From Daphni (aka Caribou), a 7hr DJ set. 7 hours!
Ultimate Online Phreak Box. “This is a free online blue box, red box, and silver box.” (With this and a time machine, you could make free phone calls in the 1970s.)
A tour of the mannequin storage room at FIT. Each era’s mannequins are designed to mimic the “fashionable body” of that time period.
An interview with Ronald Wayne, Apple’s forgotten third founder. (He was with the company all of 2 weeks.)
From a livestream recorded many years ago, this is Radiohead covering Joy Division’s Ceremony. The song was originally written by Joy Division but the version most people know is New Order’s — it was their first single. From Wikipedia:
“Ceremony” was one of the last Joy Division songs to be composed, with lyrics written by Ian Curtis. According to guitarist Bernard Sumner, the group wrote the song a few weeks before Ian Curtis died “to try and heal him through music” and keep him “involved in the band and involved in music and remind him of what … a great future he had”. Sumner concluded, “Unfortunately, it didn’t work”.
Just three versions of Joy Division performing the song exist, including one on the group’s compilation album Still.
Oh wow, this is a trippy game inspired by MC Escher.
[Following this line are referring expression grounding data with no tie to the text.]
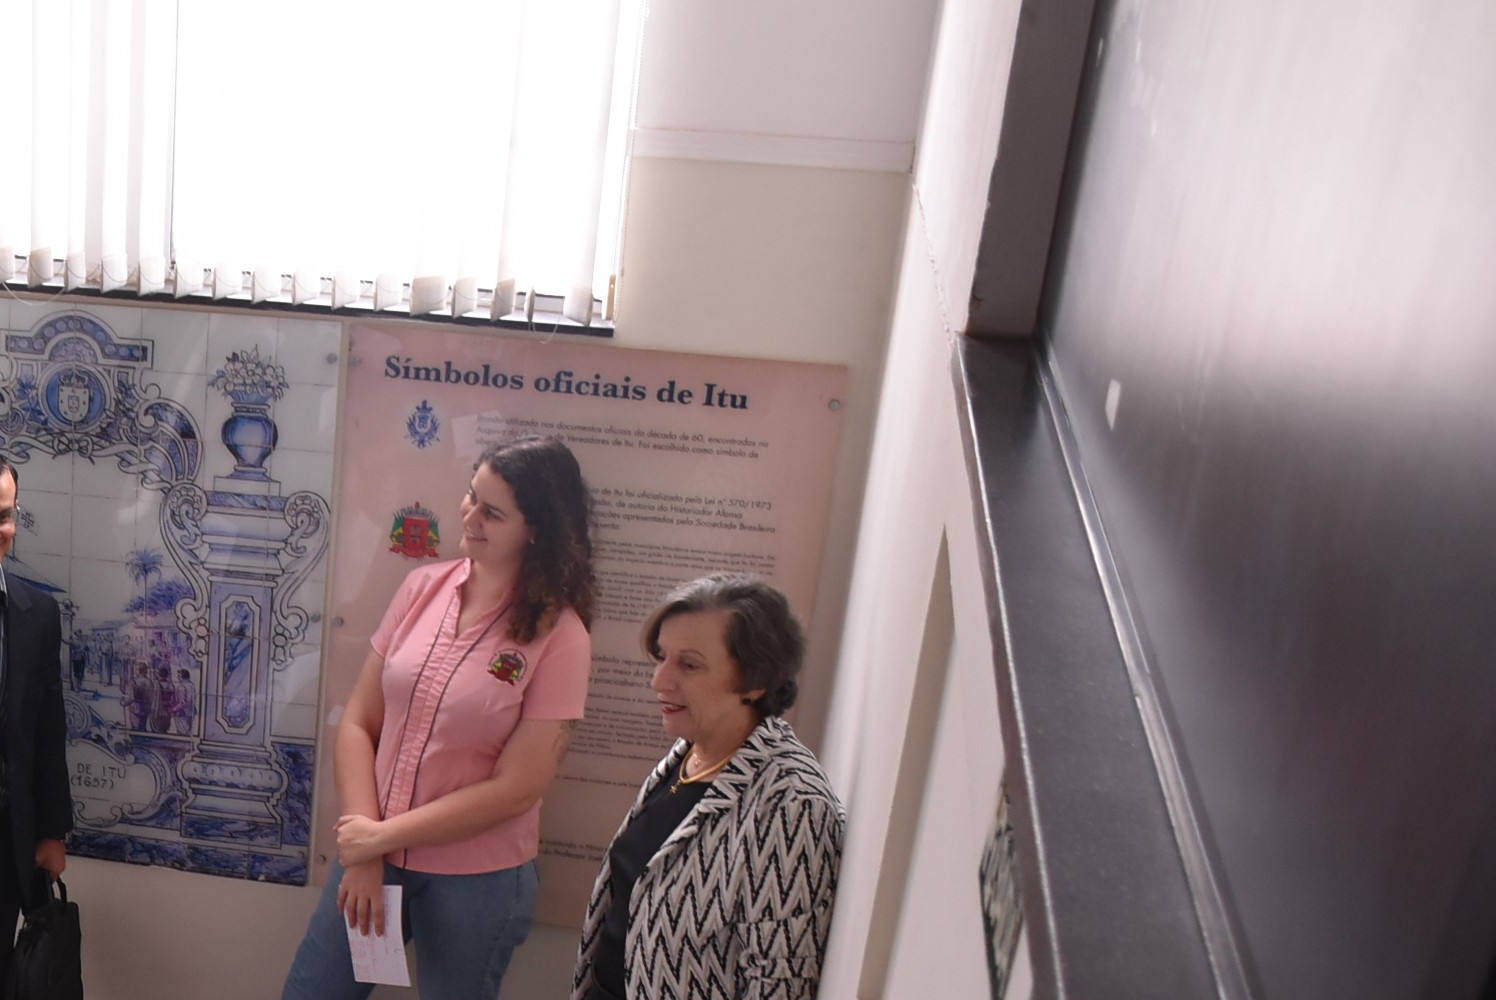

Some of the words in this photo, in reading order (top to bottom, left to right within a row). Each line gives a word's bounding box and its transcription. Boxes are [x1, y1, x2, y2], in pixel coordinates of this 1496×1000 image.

[384, 355, 523, 389] Símbolos
[533, 370, 646, 400] oficiais
[656, 379, 693, 404] de
[702, 382, 748, 409] Itu
[77, 762, 92, 776] DE
[102, 765, 126, 779] ITU
[70, 774, 114, 789] (1657)
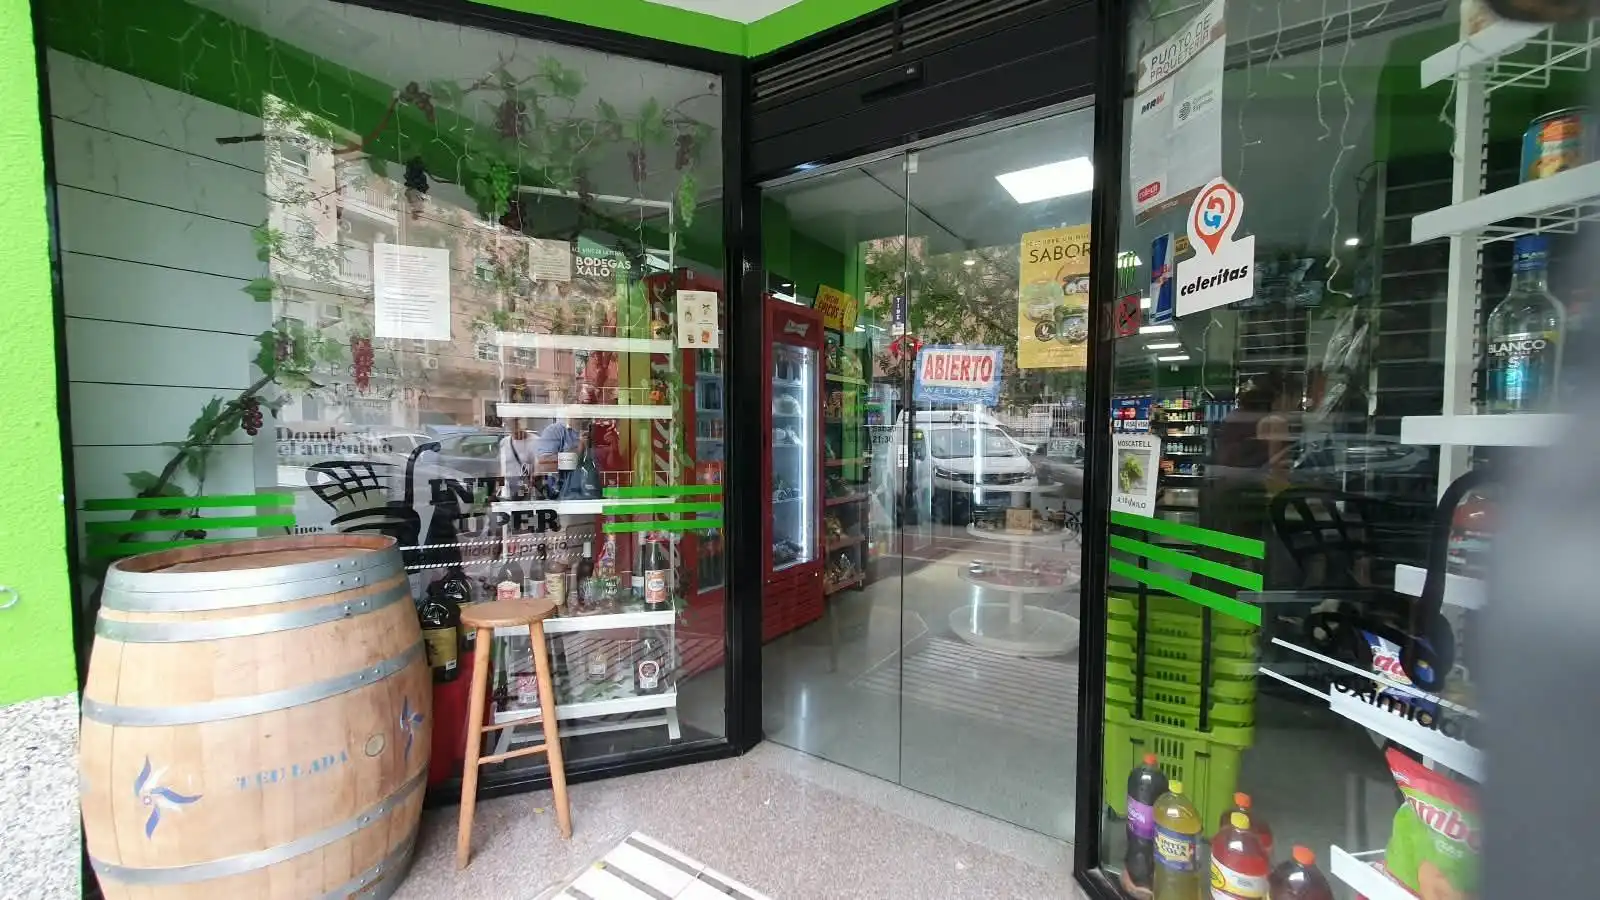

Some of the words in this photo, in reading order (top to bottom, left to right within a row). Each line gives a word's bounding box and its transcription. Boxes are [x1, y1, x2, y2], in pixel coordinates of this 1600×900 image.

[1141, 92, 1166, 114] MRW
[575, 256, 632, 270] BODEGAS
[1028, 242, 1091, 264] SABOR
[1180, 265, 1249, 297] celeritas
[1488, 339, 1546, 353] BLANCO
[922, 353, 993, 383] ABIERTO
[1117, 440, 1153, 448] MOSCATELL
[456, 509, 562, 535] UPER
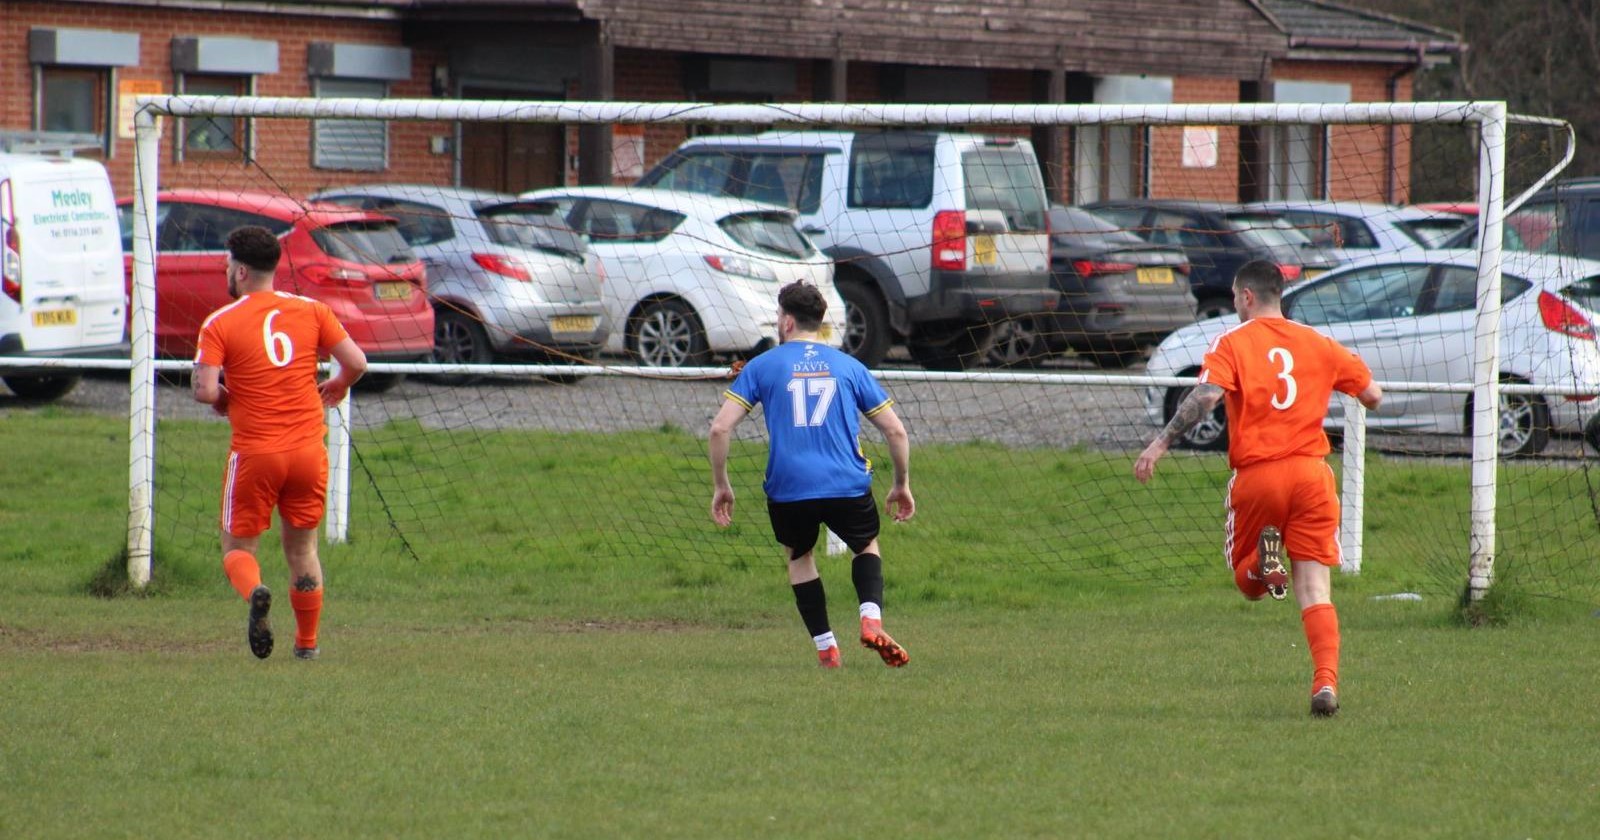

My brain may be permanently broken by this.
A short analysis of what makes Mark Antony’s “Friends, Romans, countrymen…” speech from Shakespeare’s Julius Caesar so good and effective.
Using wiki software, old photos, family stories, bank transactions, social media posts, and an LLM to sift through everything to build a personal encyclopedia.
“Stalin’s task in building what Senior calls his ‘Red Empire’ was made so much easier, and so much more brutal, by the intelligence the Cambridge spies passed to Moscow.”